Но одна особенность снов. О чем бы они ни были, действие всегда происходило в штеттле и в Доме.
Сны Арон, конечно, сразу же утром и забывал. Всегда помнил только сон в ночь на 22 июня 1941 года, когда мама ему сказала: «Ареле, закрой окно, сейчас гроза будет». Он старался его не вспоминать, потому что всегда начинал плакать. Да что там.
Но вот здесь, в Медногорске, сны снились такие, что и рассказать их кому-либо никак нельзя. Иначе — последствия!

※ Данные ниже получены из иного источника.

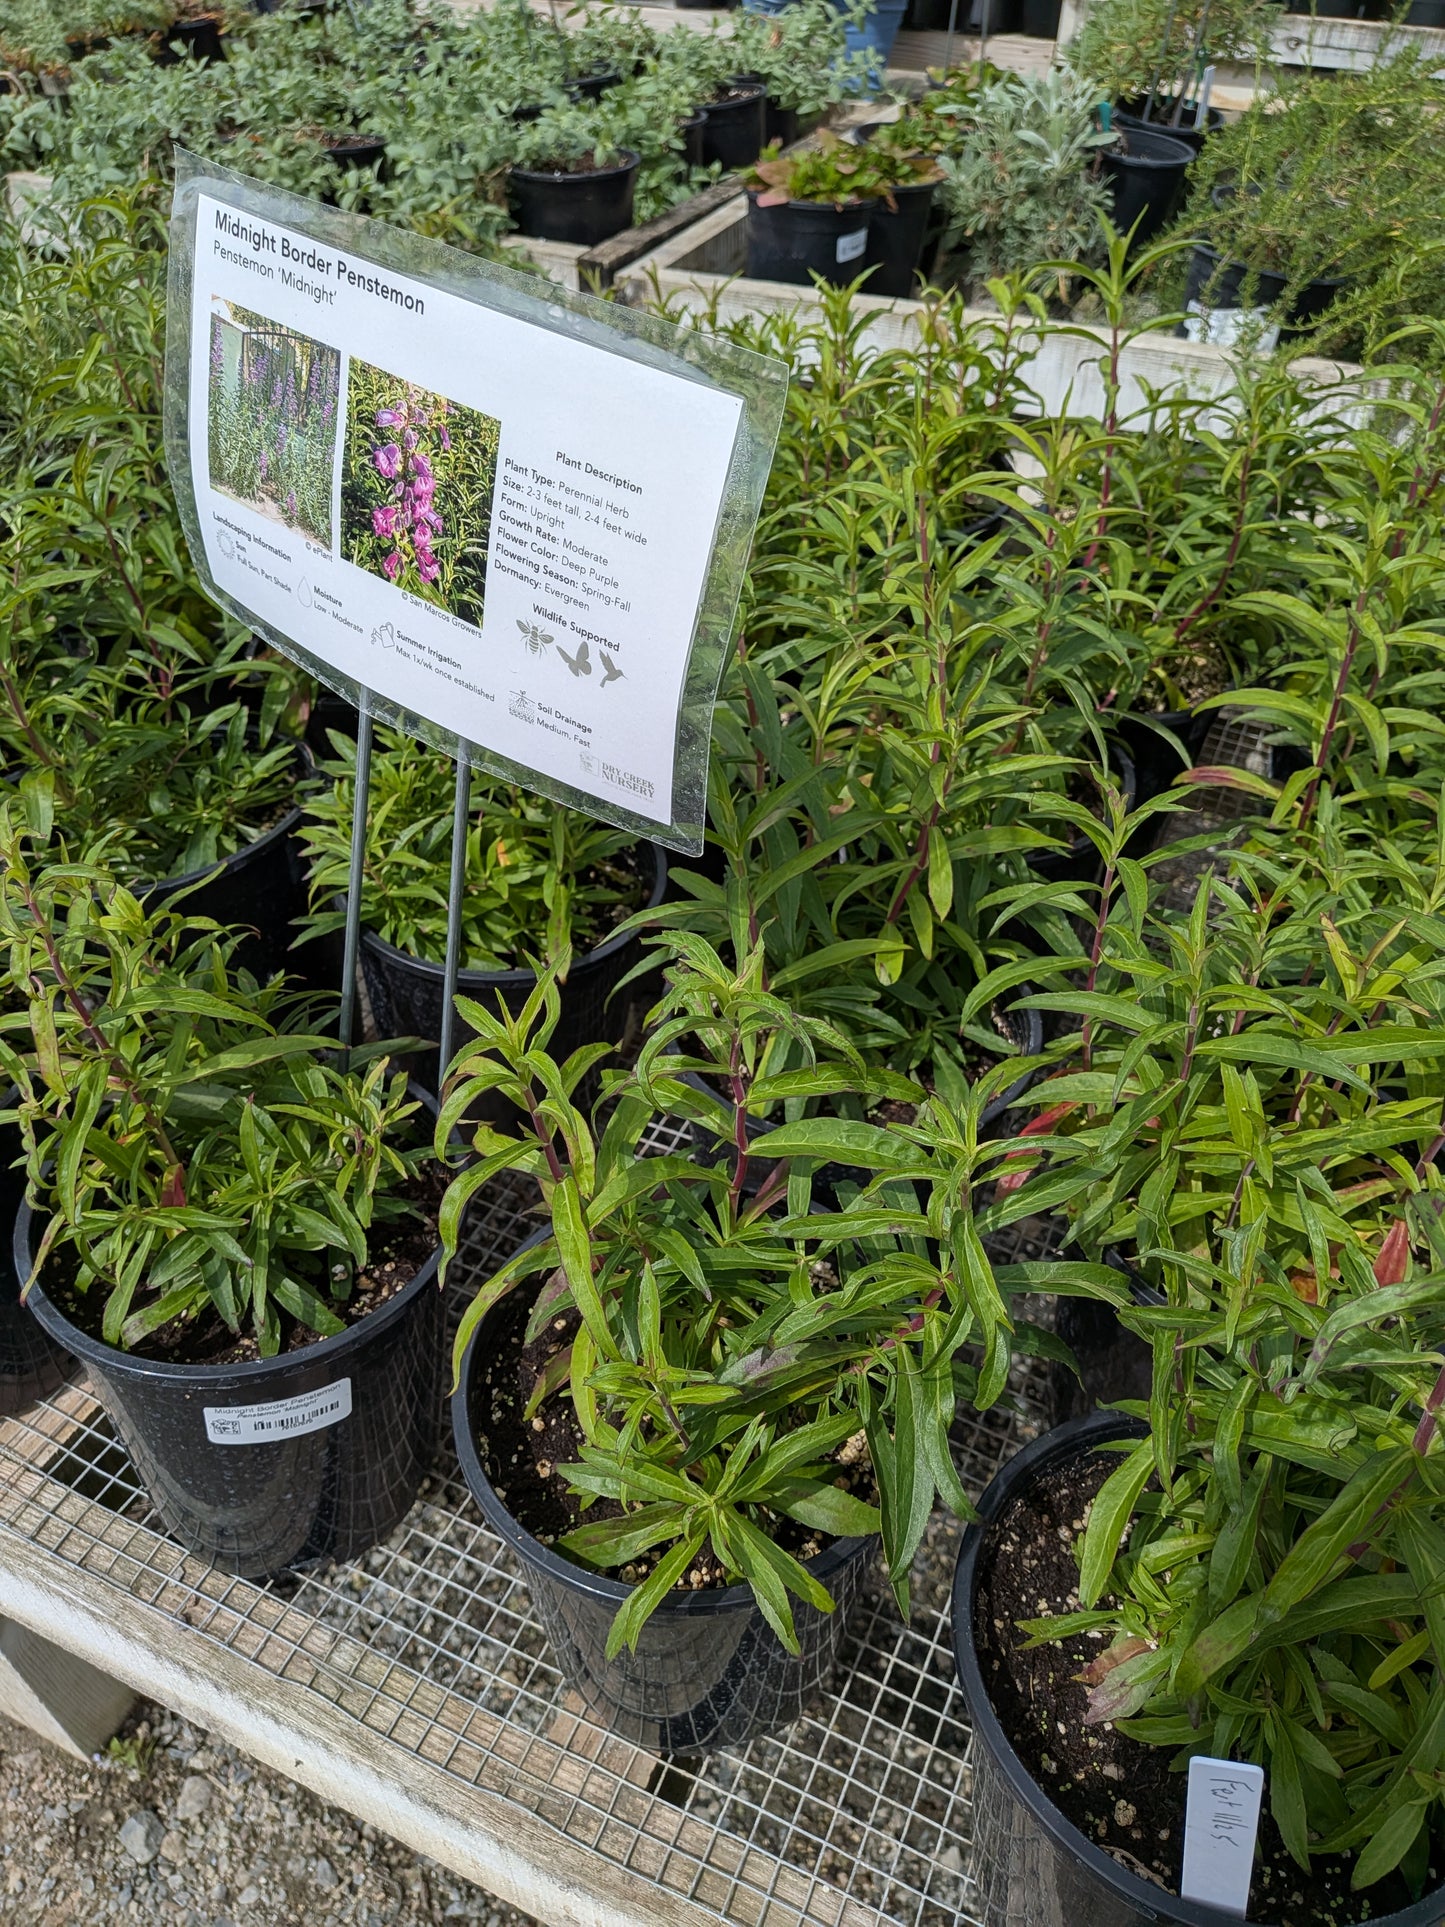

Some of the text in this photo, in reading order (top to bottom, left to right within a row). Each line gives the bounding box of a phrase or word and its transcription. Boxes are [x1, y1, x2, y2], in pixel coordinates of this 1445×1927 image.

[213, 240, 337, 305] Penstemon 'Midnight'
[215, 210, 425, 315] Midnight Border Penstemon
[504, 458, 630, 519] Plant Type: Perennial Herb
[556, 451, 643, 495] Plant Description
[500, 492, 566, 530] Form: Upright
[502, 475, 648, 546] Size: 2-3 feet tall, 2-4 feet wide
[212, 511, 293, 563] Landscaping Information
[235, 540, 247, 554] Sun
[313, 546, 334, 563] ePlant
[497, 526, 619, 590] Flower Color: Deep Purple
[499, 509, 609, 567] Growth Rate: Moderate
[236, 554, 293, 594] Full Sun, Part Shade
[494, 558, 590, 611] Dormancy: Evergreen
[495, 542, 631, 613] Flowering Season: Spring-Fall
[313, 585, 343, 608] Moisture
[314, 600, 327, 615] Low
[332, 612, 364, 634] Moderate
[409, 595, 423, 609] San
[424, 602, 450, 623] Marcos
[451, 617, 483, 639] Growers
[532, 602, 621, 652] Wildlife Supported
[396, 630, 462, 670] Summer Irrigation
[395, 645, 496, 702] Max 1x/wk once established
[536, 717, 591, 749] Medium, Fast
[537, 702, 593, 734] Soil Drainage
[602, 762, 655, 790] DRY CREEK
[602, 770, 655, 798] NURSERY
[215, 1384, 341, 1415] Midnight Border Penstemon
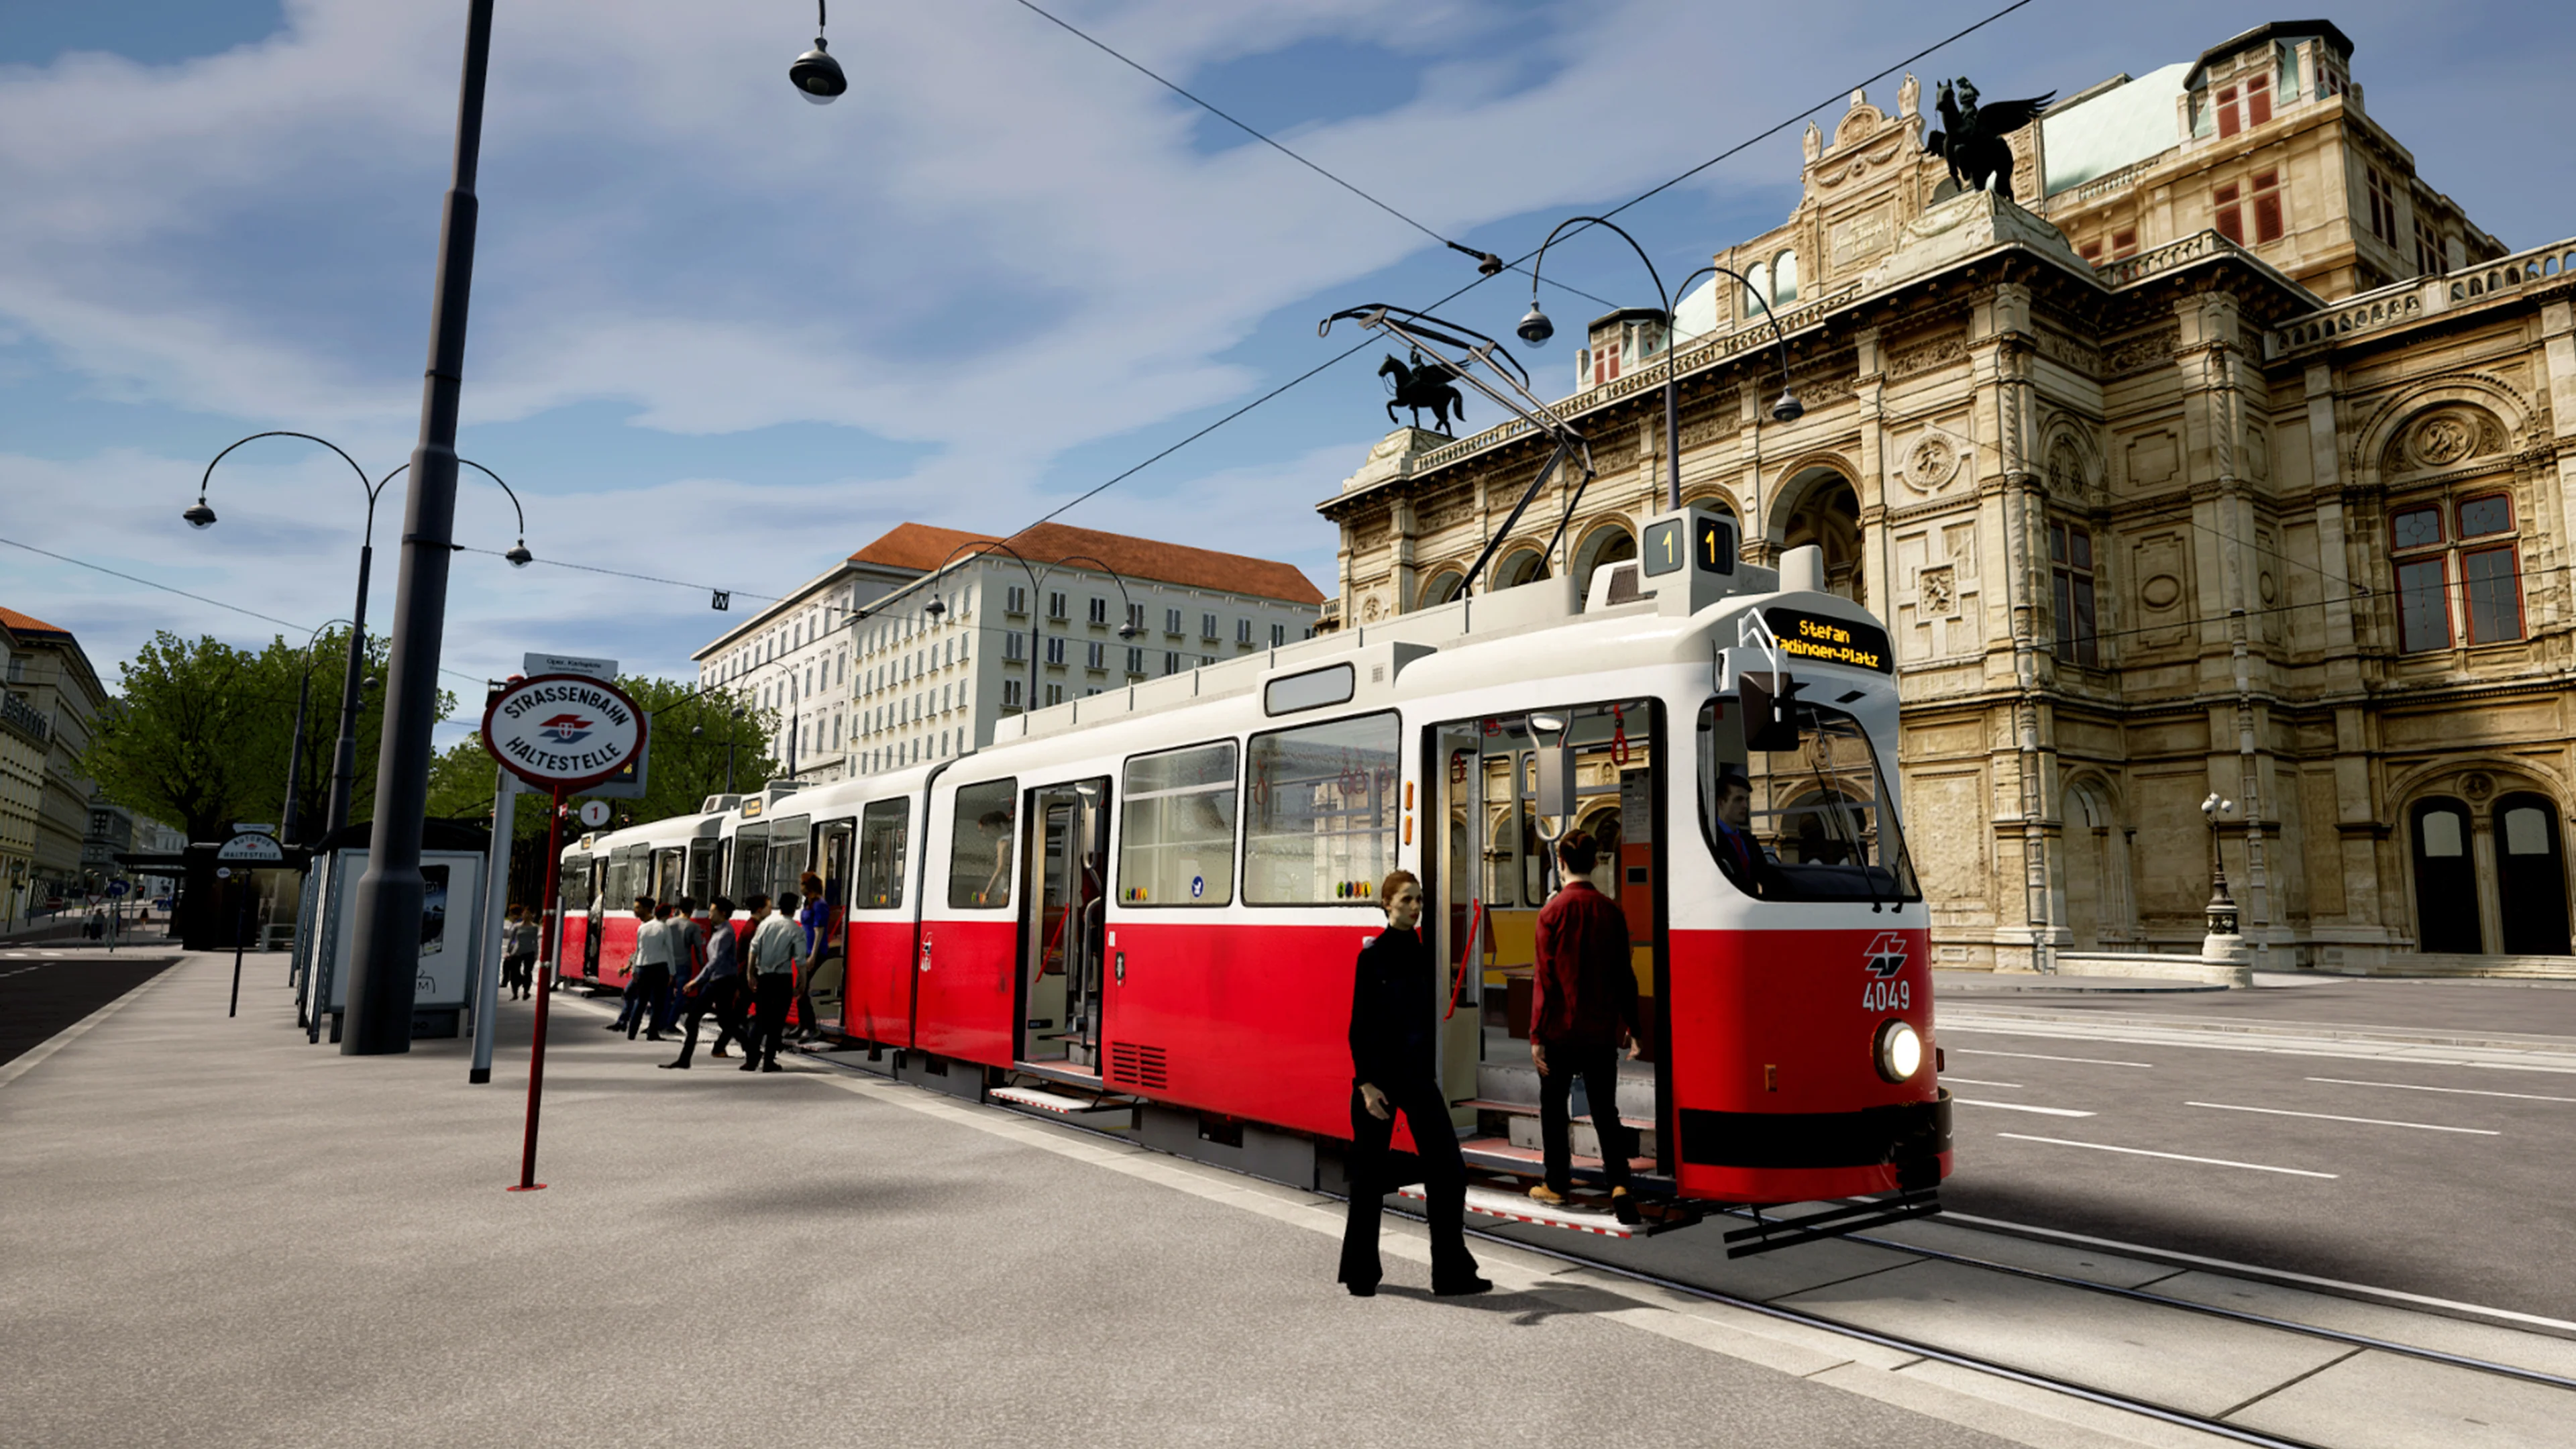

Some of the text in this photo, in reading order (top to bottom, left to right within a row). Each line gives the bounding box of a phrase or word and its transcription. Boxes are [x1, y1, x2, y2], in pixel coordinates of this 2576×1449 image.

[1662, 529, 1672, 564] 1
[1705, 529, 1715, 564] 1
[1799, 619, 1850, 644] Stefan
[504, 686, 630, 727] STRASSENBAHN
[505, 736, 621, 771] HALTESTELLE
[591, 806, 598, 820] 1
[223, 851, 277, 859] HALTESTELLE
[1862, 979, 1910, 1012] 4049

Вот один сон не выветривается ни в какую. Думается, сейчас напишу и освобожусь от него напрочь.
А снился Арону в подвальчике в Медногорске Верховный, то есть И. В. Сталин. Вот что происходит.
В общем, его хватают, везут куда-то и оказывается он, судя по соснам, елям и снегу, на даче. Вводят в комнату и оставляют одного. Он чувствует, ему крайне неудобно. Оказалось — снег с валенок оттаивает и грязноватая лужа. Частично на полу, частично на ковре каких-то голубоватых тонов. И руки совершенно грязные.
Но пока это все мелькало в сознании или подсознании, дверь открылась и вошел невысокий рябой немолодой мужчина. Очень просто одетый.
«Что, так и будышь стоять, а, боец», — произнес с акцентом этот человек и я обмер — Сталин. — Ладно, не мэнжуйся, мне про тебя Рокоссовский говорил. Вон, выдышь, в твоих сапогах хожу. Очень удобные, кстати. Как это вообще получается, что вы, евреи, всегда угадываете и все хорошо делаете. Нэ понимаю».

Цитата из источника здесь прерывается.